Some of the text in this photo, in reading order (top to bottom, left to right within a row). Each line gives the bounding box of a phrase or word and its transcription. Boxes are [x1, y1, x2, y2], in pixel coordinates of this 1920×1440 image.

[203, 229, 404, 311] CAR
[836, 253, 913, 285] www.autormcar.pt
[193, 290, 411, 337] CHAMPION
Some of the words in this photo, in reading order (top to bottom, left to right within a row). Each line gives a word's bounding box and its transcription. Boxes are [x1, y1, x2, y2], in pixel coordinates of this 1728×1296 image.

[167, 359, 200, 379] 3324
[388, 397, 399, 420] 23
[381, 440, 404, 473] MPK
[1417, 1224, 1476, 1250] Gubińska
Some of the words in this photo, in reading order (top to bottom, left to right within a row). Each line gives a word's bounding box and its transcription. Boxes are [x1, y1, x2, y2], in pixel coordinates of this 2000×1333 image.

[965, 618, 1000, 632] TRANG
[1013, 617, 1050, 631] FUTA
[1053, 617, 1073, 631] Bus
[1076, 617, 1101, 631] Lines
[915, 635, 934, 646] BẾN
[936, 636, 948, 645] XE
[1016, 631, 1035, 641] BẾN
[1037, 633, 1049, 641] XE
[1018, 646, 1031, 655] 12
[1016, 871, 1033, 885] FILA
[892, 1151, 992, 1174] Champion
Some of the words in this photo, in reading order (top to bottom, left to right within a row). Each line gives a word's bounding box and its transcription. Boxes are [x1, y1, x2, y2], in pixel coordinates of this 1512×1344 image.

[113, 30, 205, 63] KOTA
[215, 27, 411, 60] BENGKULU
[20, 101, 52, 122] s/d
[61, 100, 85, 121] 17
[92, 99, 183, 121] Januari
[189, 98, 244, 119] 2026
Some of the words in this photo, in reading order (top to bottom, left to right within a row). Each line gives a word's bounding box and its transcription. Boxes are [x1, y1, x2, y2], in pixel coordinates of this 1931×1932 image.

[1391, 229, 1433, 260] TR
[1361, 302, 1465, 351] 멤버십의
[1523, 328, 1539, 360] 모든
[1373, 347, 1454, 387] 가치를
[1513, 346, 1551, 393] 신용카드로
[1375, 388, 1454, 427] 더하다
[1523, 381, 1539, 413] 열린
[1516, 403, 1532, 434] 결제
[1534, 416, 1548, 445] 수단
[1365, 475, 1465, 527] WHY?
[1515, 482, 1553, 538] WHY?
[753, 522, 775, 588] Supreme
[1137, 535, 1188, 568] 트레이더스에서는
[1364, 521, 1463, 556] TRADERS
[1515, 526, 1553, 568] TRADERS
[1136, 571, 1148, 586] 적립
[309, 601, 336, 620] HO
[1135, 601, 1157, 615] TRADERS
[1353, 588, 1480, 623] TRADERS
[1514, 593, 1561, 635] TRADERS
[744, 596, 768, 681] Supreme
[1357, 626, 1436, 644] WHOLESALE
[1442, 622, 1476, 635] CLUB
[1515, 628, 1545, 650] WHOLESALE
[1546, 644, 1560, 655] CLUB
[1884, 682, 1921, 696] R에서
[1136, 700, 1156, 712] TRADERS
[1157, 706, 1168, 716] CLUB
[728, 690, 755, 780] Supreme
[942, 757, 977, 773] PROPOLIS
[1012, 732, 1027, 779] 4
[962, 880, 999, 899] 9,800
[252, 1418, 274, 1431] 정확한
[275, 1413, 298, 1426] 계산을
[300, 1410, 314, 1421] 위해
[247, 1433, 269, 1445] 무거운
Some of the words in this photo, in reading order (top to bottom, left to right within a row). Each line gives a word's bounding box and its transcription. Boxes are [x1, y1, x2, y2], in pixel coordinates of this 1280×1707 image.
----
Transcribe every record above exactly as written.

#### [Response]
Some of the text in this photo, in reading order (top to bottom, left to right within a row). Each line gives the bounding box of a phrase or word and its transcription. Boxes are [x1, y1, x2, y2], in pixel coordinates of this 1920×1440 image.

[203, 229, 404, 311] CAR
[836, 253, 913, 285] www.autormcar.pt
[193, 290, 411, 337] CHAMPION
Some of the words in this photo, in reading order (top to bottom, left to right within a row). Each line gives a word's bounding box and its transcription. Boxes are [x1, y1, x2, y2], in pixel coordinates of this 1728×1296 image.

[167, 359, 200, 379] 3324
[388, 397, 399, 420] 23
[381, 440, 404, 473] MPK
[1417, 1224, 1476, 1250] Gubińska
Some of the words in this photo, in reading order (top to bottom, left to right within a row). Each line gives a word's bounding box and its transcription. Boxes are [x1, y1, x2, y2], in pixel coordinates of this 2000×1333 image.

[965, 618, 1000, 632] TRANG
[1013, 617, 1050, 631] FUTA
[1053, 617, 1073, 631] Bus
[1076, 617, 1101, 631] Lines
[915, 635, 934, 646] BẾN
[936, 636, 948, 645] XE
[1016, 631, 1035, 641] BẾN
[1037, 633, 1049, 641] XE
[1018, 646, 1031, 655] 12
[1016, 871, 1033, 885] FILA
[892, 1151, 992, 1174] Champion
Some of the words in this photo, in reading order (top to bottom, left to right within a row). Each line gives a word's bounding box and its transcription. Boxes are [x1, y1, x2, y2], in pixel coordinates of this 1512×1344 image.

[113, 30, 205, 63] KOTA
[215, 27, 411, 60] BENGKULU
[20, 101, 52, 122] s/d
[61, 100, 85, 121] 17
[92, 99, 183, 121] Januari
[189, 98, 244, 119] 2026
Some of the words in this photo, in reading order (top to bottom, left to right within a row). Each line gives a word's bounding box and its transcription. Boxes are [x1, y1, x2, y2], in pixel coordinates of this 1931×1932 image.

[1391, 229, 1433, 260] TR
[1361, 302, 1465, 351] 멤버십의
[1523, 328, 1539, 360] 모든
[1373, 347, 1454, 387] 가치를
[1513, 346, 1551, 393] 신용카드로
[1375, 388, 1454, 427] 더하다
[1523, 381, 1539, 413] 열린
[1516, 403, 1532, 434] 결제
[1534, 416, 1548, 445] 수단
[1365, 475, 1465, 527] WHY?
[1515, 482, 1553, 538] WHY?
[753, 522, 775, 588] Supreme
[1137, 535, 1188, 568] 트레이더스에서는
[1364, 521, 1463, 556] TRADERS
[1515, 526, 1553, 568] TRADERS
[1136, 571, 1148, 586] 적립
[309, 601, 336, 620] HO
[1135, 601, 1157, 615] TRADERS
[1353, 588, 1480, 623] TRADERS
[1514, 593, 1561, 635] TRADERS
[744, 596, 768, 681] Supreme
[1357, 626, 1436, 644] WHOLESALE
[1442, 622, 1476, 635] CLUB
[1515, 628, 1545, 650] WHOLESALE
[1546, 644, 1560, 655] CLUB
[1884, 682, 1921, 696] R에서
[1136, 700, 1156, 712] TRADERS
[1157, 706, 1168, 716] CLUB
[728, 690, 755, 780] Supreme
[942, 757, 977, 773] PROPOLIS
[1012, 732, 1027, 779] 4
[962, 880, 999, 899] 9,800
[252, 1418, 274, 1431] 정확한
[275, 1413, 298, 1426] 계산을
[300, 1410, 314, 1421] 위해
[247, 1433, 269, 1445] 무거운
Some of the words in this photo, in reading order (top to bottom, left to right within a row). Each line gives a word's bounding box and its transcription. Boxes are [x1, y1, x2, y2], in pixel coordinates of this 1280×1707 image.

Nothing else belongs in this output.